The locations of all three classes of NBS has been unequivocally established along with the inhibitory SU site and a putative site for PIP2 binding. However, understanding the details of ligand binding alone does not illuminate the mechanism by which these ligands affect Po, how different binding events converge energetically on the channel pore to influence its activity, or how binding of one ligand may influence that of another. Future efforts may produce cryo-EM structures of still more gating intermediates of KATP. However, to fully understand the behavior of such a motley protein complex with several different modules acting in concert to change Po, structural snapshots must be supplemented with lower-resolution approaches that can follow the dynamics of functional channels. Now that multiple interacting sites between Kir6.2 and SUR1 have been described structurally, directed attempts may be made to stabilize or disrupt these interfaces to determine which properties these sites confer from SUR1 to Kir6.2 (e.g., increase in intrinsic Po, enhanced nucleotide inhibition, nucleotide activation, and PIP2 stabilization). It is time to emerge from the liquid ethane, dust off those old voltage clamps, cross-linkers, and FRET pairs, and get to work.
I would like to thank Prof. Frances Ashcroft, Dr. Phillip Stansfeld, Mr. Samuel Usher, and Dr. Natascia Vedovato for frequent discussions regarding the structure and function of KATP. All figures were prepared using PyMol (Schrodinger, LLC) and Illustrator (Adobe).

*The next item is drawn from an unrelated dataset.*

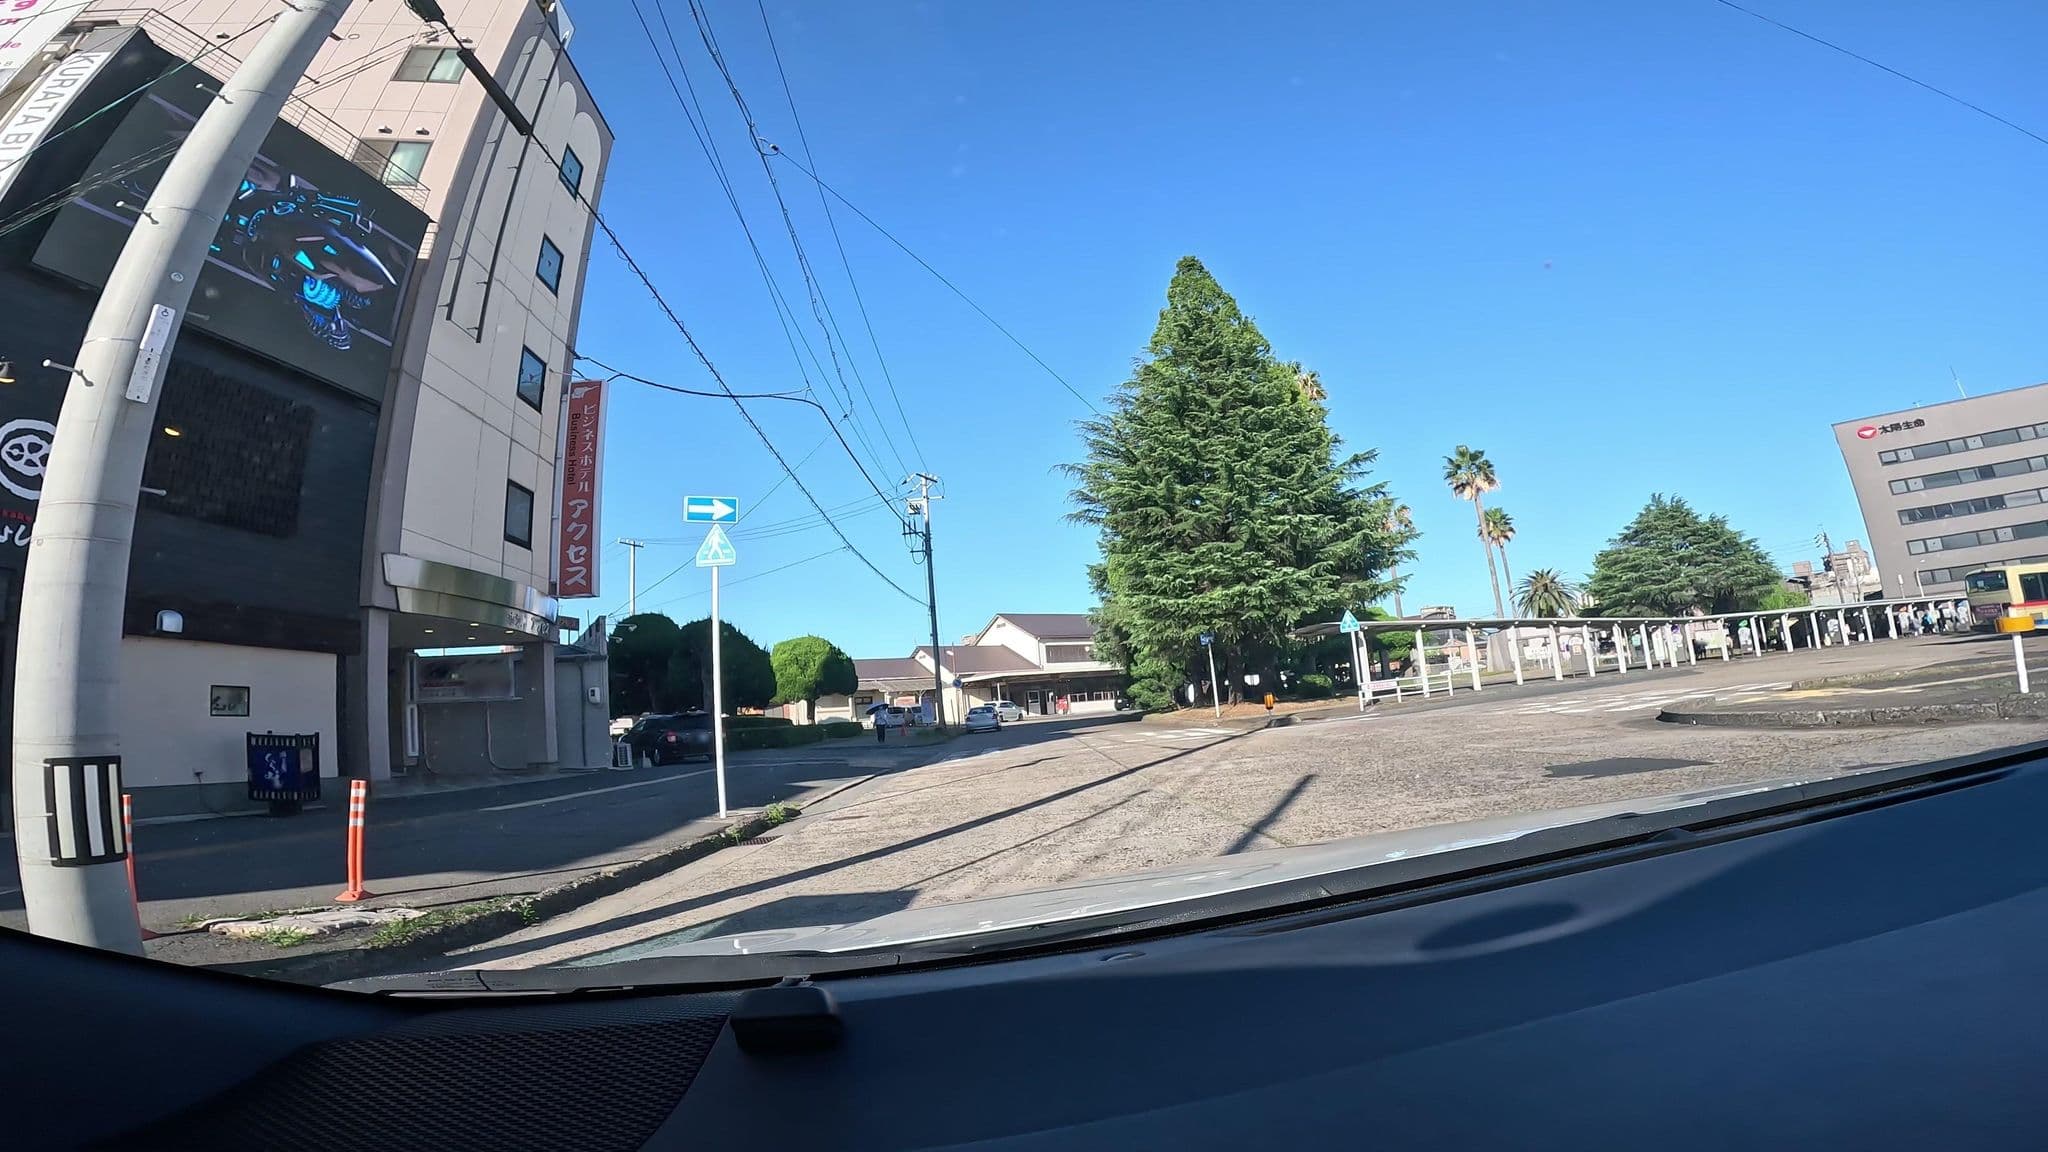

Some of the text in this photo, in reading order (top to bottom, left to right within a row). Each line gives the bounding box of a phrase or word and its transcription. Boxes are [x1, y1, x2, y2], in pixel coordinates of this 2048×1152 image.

This work was supported by the European Research Council (grant 332620) and the Biotechnology and Biological Sciences Research Council (BB/R002517/1).
The author declares no competing financial interests.
Lesley C. Anson served as editor.
Note added in proof
While this manuscript was in revision, a preprint was uploaded to bioRxiv (Wu et al., 2018. bioRxiv. https://doi.org/10.1101/283440) describing three additional cryo-EM structures of a concatenated SUR1-Kir6.2 with a 39–amino acid linker. The structures were solved in the presence of (a) ATP-γ-S, (b) ATP-γ-S and glibenclamide, and (c) MgADP, vanadate, diC8 PIP2, and a KCO. The first two states are similar to the glibenclamide inhibited form (PDB accession no. 6BAA), and the structure in the presence of MgADP is most similar to the propeller structure (PDB accession no. 6C3P). At the time of this writing, the EM densities and PDB models have been submitted, but not released.